Il rombo dell’aereo si sente nell’intera vallata. Non c’è la luna e i paracadutisti delle forze speciali americane si lanciano nell’oscurità. Obiettivo liberare alcuni ostaggi ed eliminare le guardie talebane che sono di guardia al villaggio e all’abitazione dove è rinchiuso l’obiettivo da prelevare.

Chissà quante volte è accaduta veramente una azione di guerra del genere in Afghanistan. Ma se l’operazione si svolge ai piedi delle prealpi pordenonesi all’interno di un’area demaniale, magari sotto gli occhi di alcuni automobilisti che di notte tornano a casa, allora la questione assume un altro significato. Eppure tutto questo potrebbe accadere veramente. E in tempi brevi.

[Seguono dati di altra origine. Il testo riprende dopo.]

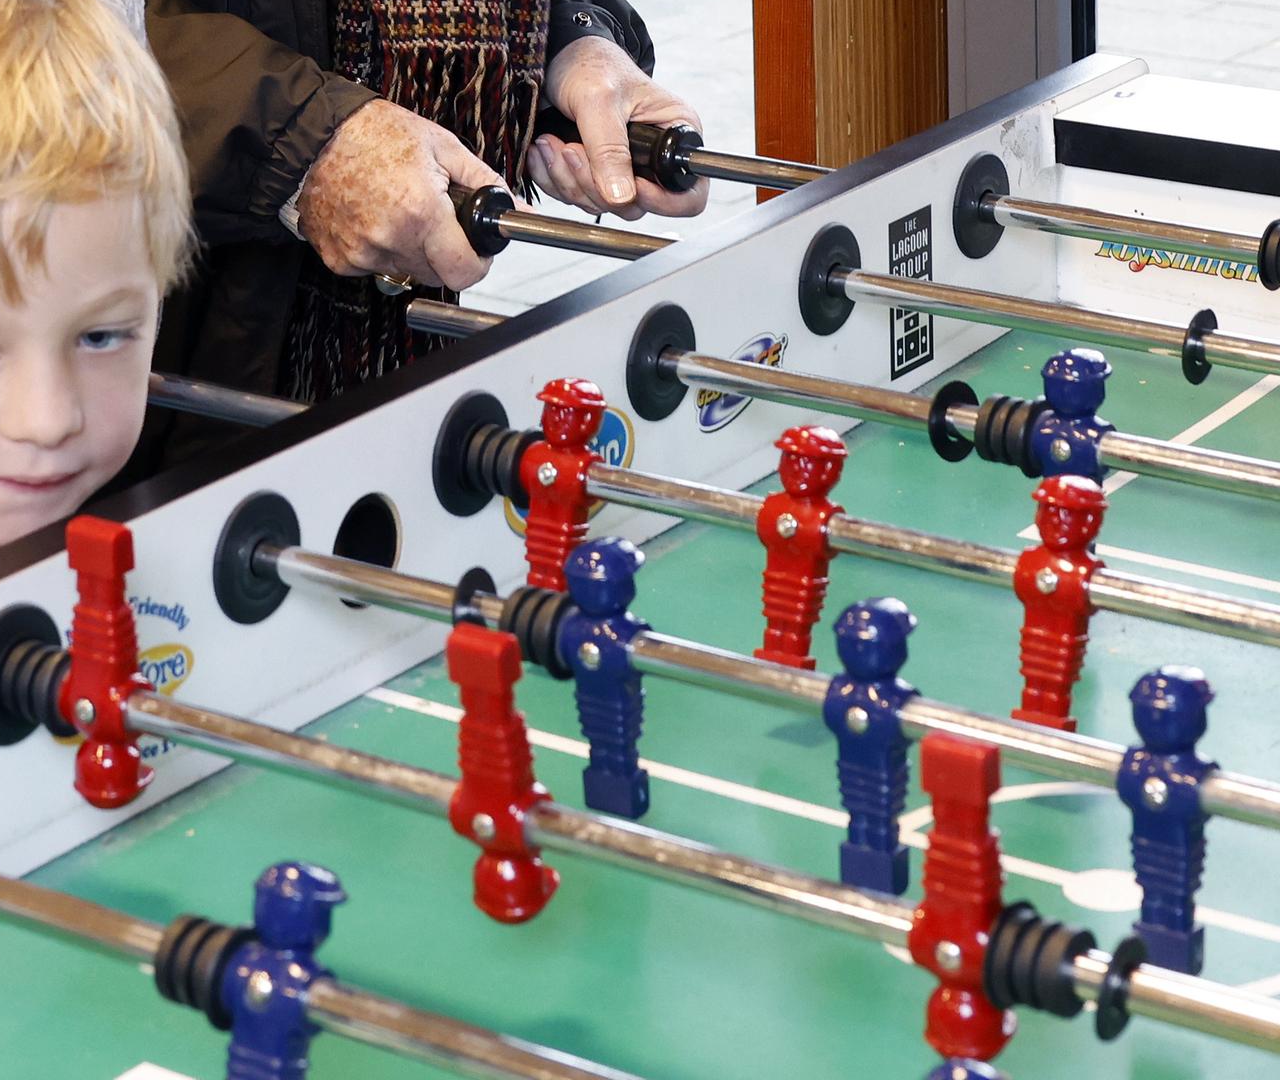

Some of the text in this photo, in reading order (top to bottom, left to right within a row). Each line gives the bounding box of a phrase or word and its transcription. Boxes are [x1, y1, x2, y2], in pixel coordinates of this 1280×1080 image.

Già, perchè l’amministrazione Usa ha chiesto e ottenuto l’autorizzazione per costruire una sorta di villaggio talebano proprio in provincia di Pordenone. Un fac-simile, per l’esattezza, ma comunque somigliante. L’area individuata è quella del Dandolo, una vasta zona di esercitazione dove già ora si lanciano i parà Usa. Il villaggio servirà per addestrare i soldati a stelle e strisce ad assalti mirati.
In gergo le case, considerate obiettivi da conquistare, vengono chiamante parallelepipedi, ma le sagome non lasciano grande spazio a dubbi: nel Dandolo sorgerà un piccolo agglomerato di abitazioni che somiglierà molto al teatro di guerra afghano.

È stato il Comitato paritetico (l’organismo con rappresentanti civili che verifica i progetti dei militari) ad autorizzare nei mesi scorsi la costruzione di questo complesso necessario ad addestrare i militari ad assalti armati in zone ostili. Da quanto si è appreso la zona dovrà essere molto simile a quelle dei paesi nordorientali, già battuti parecchie volte sia in Iraq che in Afghanistan dalla truppe Usa. Il villaggio almeno secondo le indiscrezioni – sarà costruito nell’area recintata che si trova al confine tra i comuni di Maniago, Arba e Vivaro.

Una zona che in linea d’aria dista pochi chilometri dal sito che già viene utilizzato dai parà americani per addestrarsi ai lanci. La zona stabilità per l’atterraggio si trova sempre al Dandolo nell’area denominata Juliet. È necessario, però, attraversare la strada (una provinciale) e per questo ogni volta che i parà fanno esercitazioni di notte vengono chiamati anche i carabinieri a bloccare il traffico. Una volta attraversata la strada, però, l’obiettivo sarà vicino. I soldati, infatti, entreranno nell’area demaniale e pochi metri dopo c’è la zona recitata dove è stato richiesto l’intervento per la realizzazione del villaggio. In quell’area delimitata è anche permesso l’utilizzo delle armi da fuoco.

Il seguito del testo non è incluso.